救急車で運ばれI病院に到着、時刻はすでに夕方を回っていた。
ここでも処置室に運ばれ看護師に名前、生年月日等を聞かれ入院の
準備を進めて行く。
まだ自身に起こっている事実が受け入れられない。
入院なんか大袈裟に言うとるだけやんな?
看護師に言ってみる。
「大袈裟やないですよ、こんな大怪我してるのに」
そんなやり取りをしてると、医師がやって来た。
「明日のお昼から一枠空いてるからそこでオペしましょうか?」
オペ?ドラマでしか聞いたことない単語が聞こえてきた。
やっぱり手術しないといけないんですか?
カルシウムとれば治るんじゃないですか?
「残念ながら手術は絶対必要ですね、よろしければ手術についてのリスク、説明事項等
話しますが?」
くっ・・・
ここまでか
そうですか・・・わかりました。
「時間もないですし、家族さん無しで話します。

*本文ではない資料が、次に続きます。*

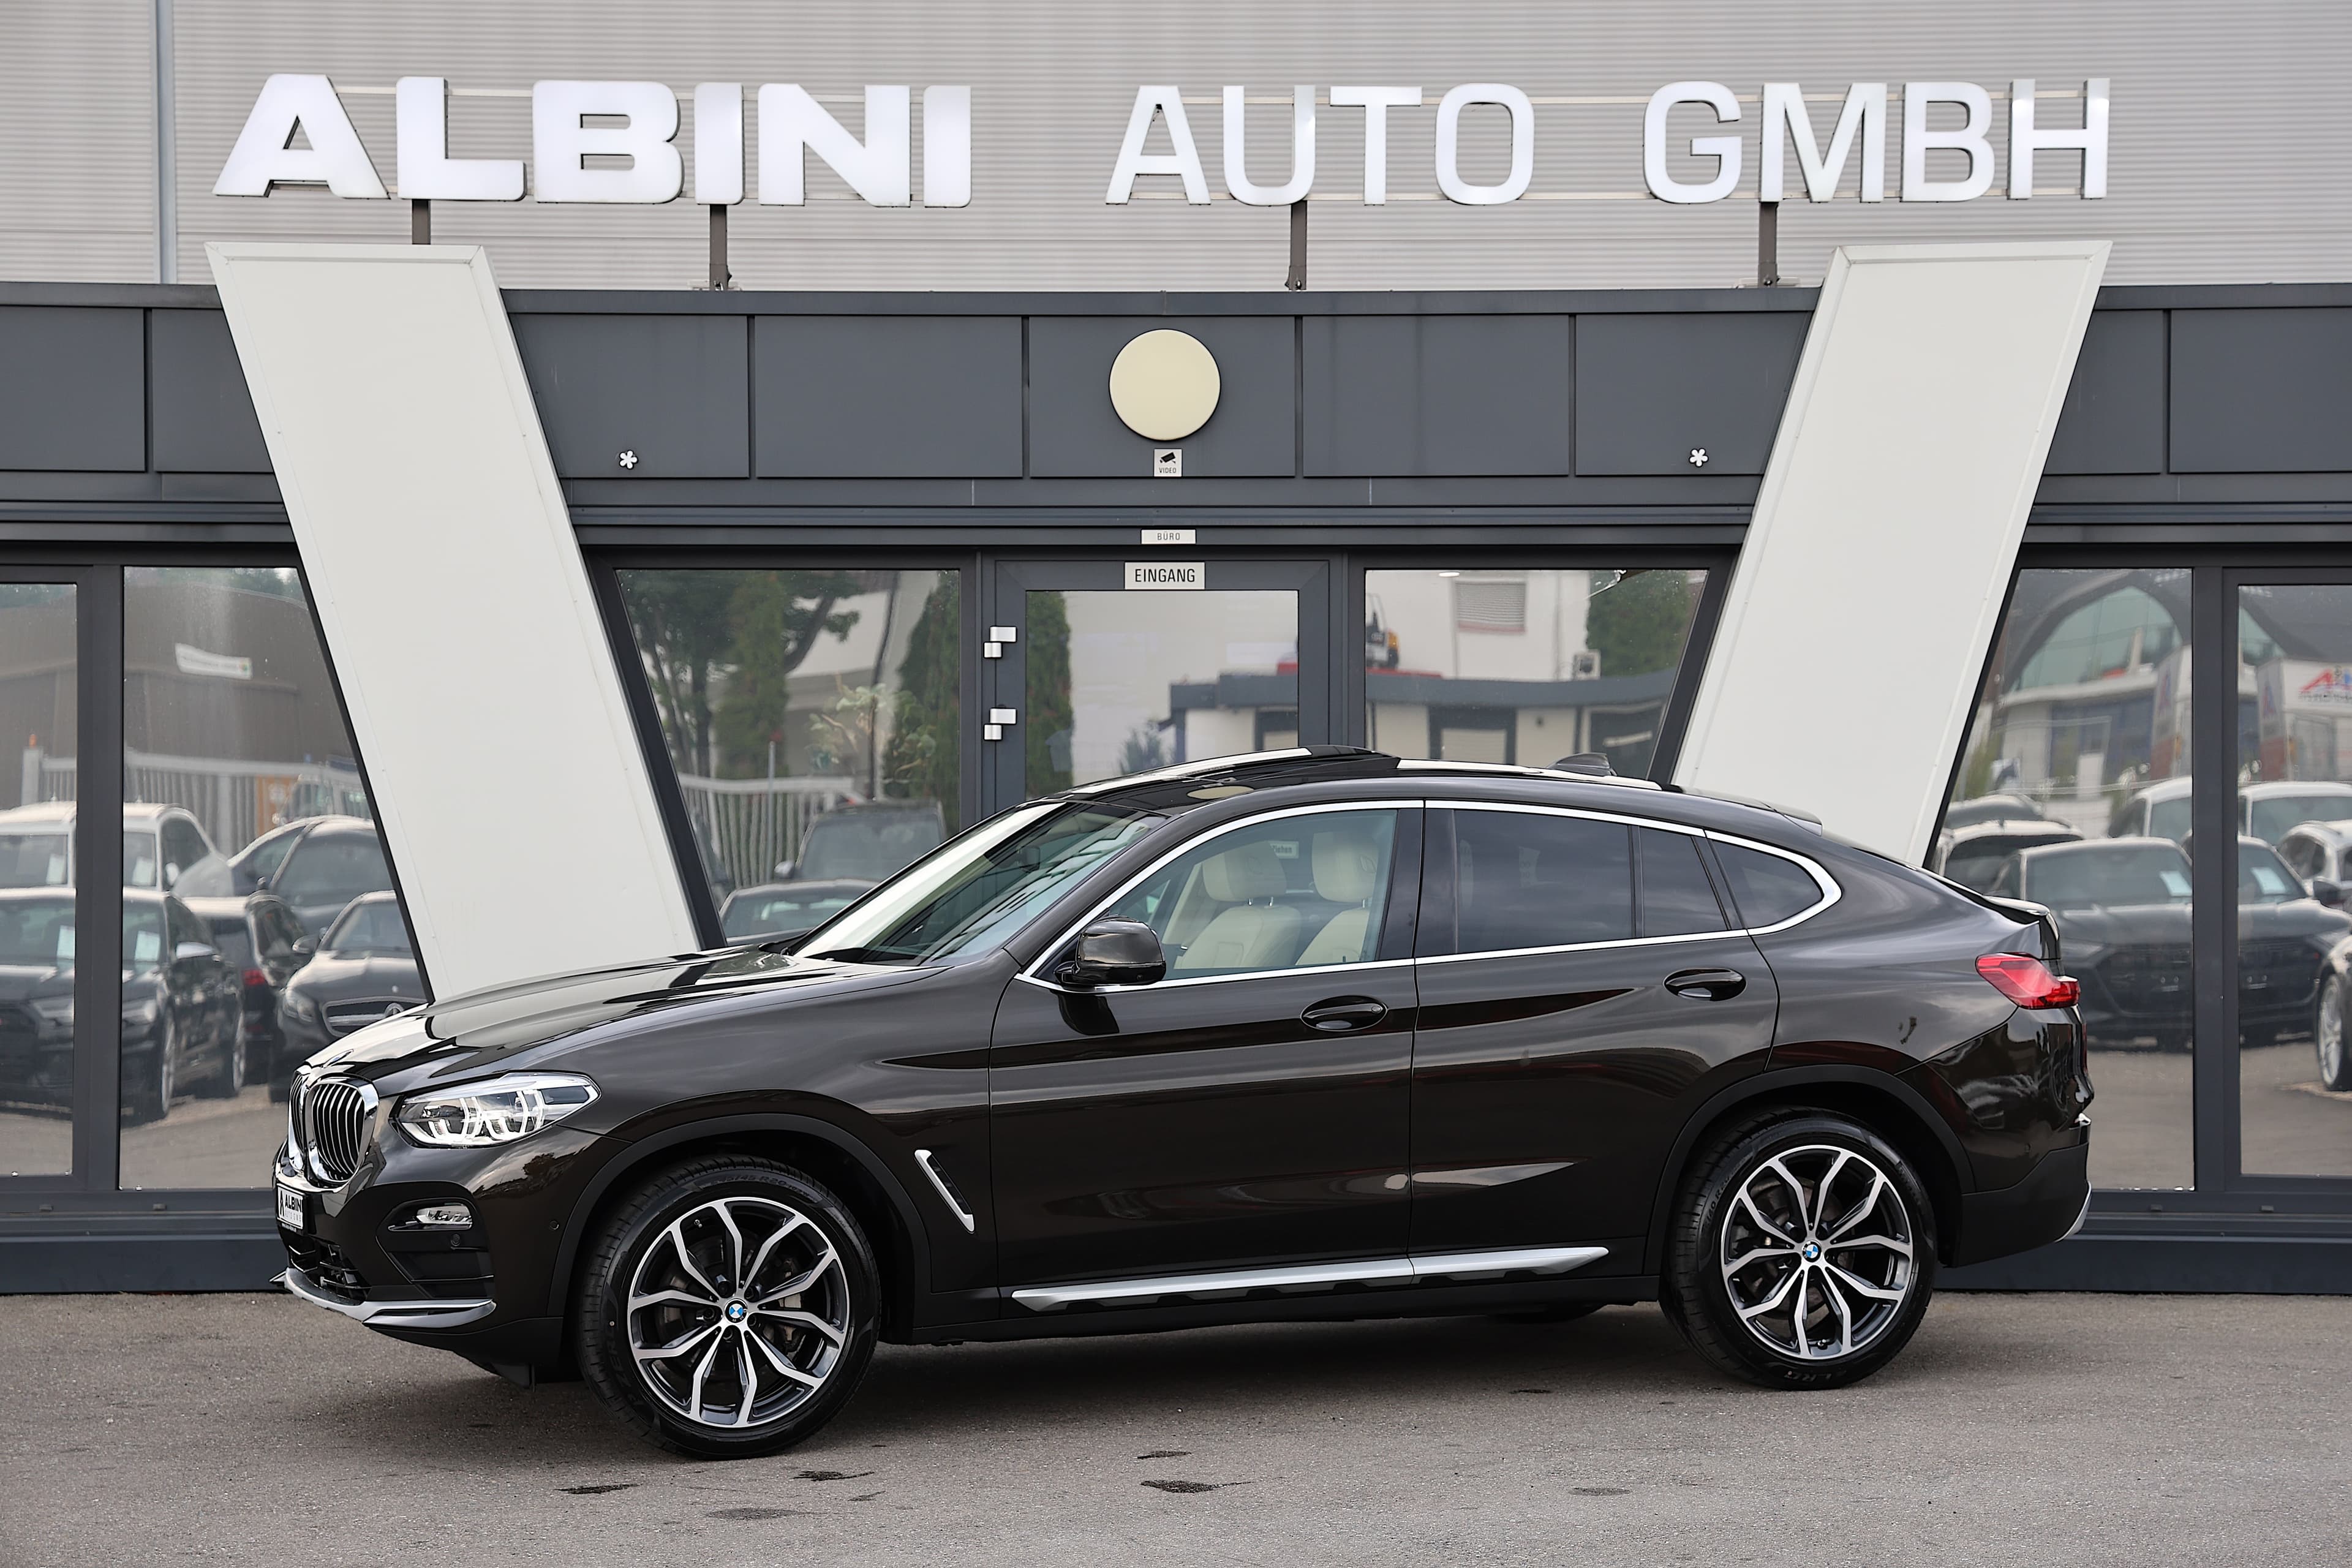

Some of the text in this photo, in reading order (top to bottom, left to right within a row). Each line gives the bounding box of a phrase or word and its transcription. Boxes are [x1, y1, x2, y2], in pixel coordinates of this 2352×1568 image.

」
一通り説明を聞いたがほとんど覚えてない。
「では、説明は以上です。後は看護師にまかせておきますね」
そう言って医師は去って行った。
「じゃあ、とりあえず着替えてもらいますね。」
看護師に入院着に着替えさせてもらい、ついに入院かと思っていた次の瞬間
看護師から衝撃の言葉が飛び出した。
「尿をとる管を入れますね」
ちょっとまってくれ。
管を入れるって、そういうことやろ?
それだけは勘弁してくれ、恥ずかしい。
「そんなこと言っても手術した後はベッドから降りられないし
尿器使うのに起き上がるのもしんどいやろうから今のうちに入れとき」
ほんまに嫌や
それだけは無しにして
「手術中、絶対必要やから、それやったら男の人に入れてもらう?」
それはもっと嫌や。手術の前に入れたらええんやろ?
それやったら、麻酔で眠った後に入れてくれへん?
それで、目が覚めた後にすぐに抜いてくれるならいいです。
「それでもいいよーわかった。伝えとくね」
「じゃあ、病室に行こうか」
数人の看護師さんがやってきて、ベッドに移され病室へ向かう途中で看護師さんに聞いてみた。
いりこ食ったら治るんじゃない?
ほんまに入院せなアカン?
手術の時間を聞いといたらまた来るから帰っていい?
「ほんまに現実を受け入れられへんのやなー」
「多いでーそんな人、でも、ほんまにヒドイ怪我やから入院は必要やわ」
いりこ食ったら治るから夕食に出して
「もー!!奥さん何とか言うてーわけわからんことばっかり言うて
現実を受け止めへん」
「ほらほら、家族さんも来てくれたで」
だって、帰りたいもん。
「とにかく、明日の1時から手術やから今日はゆっくり休んで、
何かあったらナースコールで教えて」
ひと段落つき、家族と話してると、夕食がやって来た。
これが病院食・・・
言ってはいけないのだろうけど、まったく進まない。
普段から濃いめの味が好きな私には、このみそ汁は
ただの湯である。
ほとんど食べられず、ただただ暇な時間が過ぎていく。
病院の消灯時間は早い。午後9時である。
痛みも有り慣れない環境にほとんど眠れなかった。
後でも語るが最初の1週間ぐらいは平均睡眠時間2時間である。
翌日。
「そろそろ、手術着に着替えましょうか?」
「少し痛いかもやけどごめんね」
別に気にせんといてよ、ケガしてるから痛いのは当たり前やし
二人のケアワーカーによって着替えさせてもらう。
右側は何とかなるが、左側はろくに動かせない。
やはり左側は動かせば激痛が走る、でも、この痛みも手術をすれば収まると
思っていた。
そして、13時前
「そろそろ手術室に行きましょうか」
病室を出て手術室に運ばれていく、ドラマで見たことはあるが
自分が体験するとは思わなかった。
手術室に入るとひんやりとしていて寒気がした。
「どうも、今回のオペを担当するHです。準備が出来次第、麻酔をかけますから」
手術の準備が始まる、体に色んな器具が取り付けられていく。
「準備が出来ましたので麻酔を点滴の所から入れていきますよ。
すぐに効き始めますから」
麻酔が効いて眠ってしまうと手術が始まると思った私は、
麻酔が効かないように我慢することにした。
「じゃあ、麻酔を入れますよ、すぐに眠くなりますから」
麻酔を入れられて2,3秒ほどでぼうっとしてきた。
がまん、がまん、がま・・
当然、我慢など出来るわけもなく眠りに落ちた。
次に目覚めたのは病室の中だった。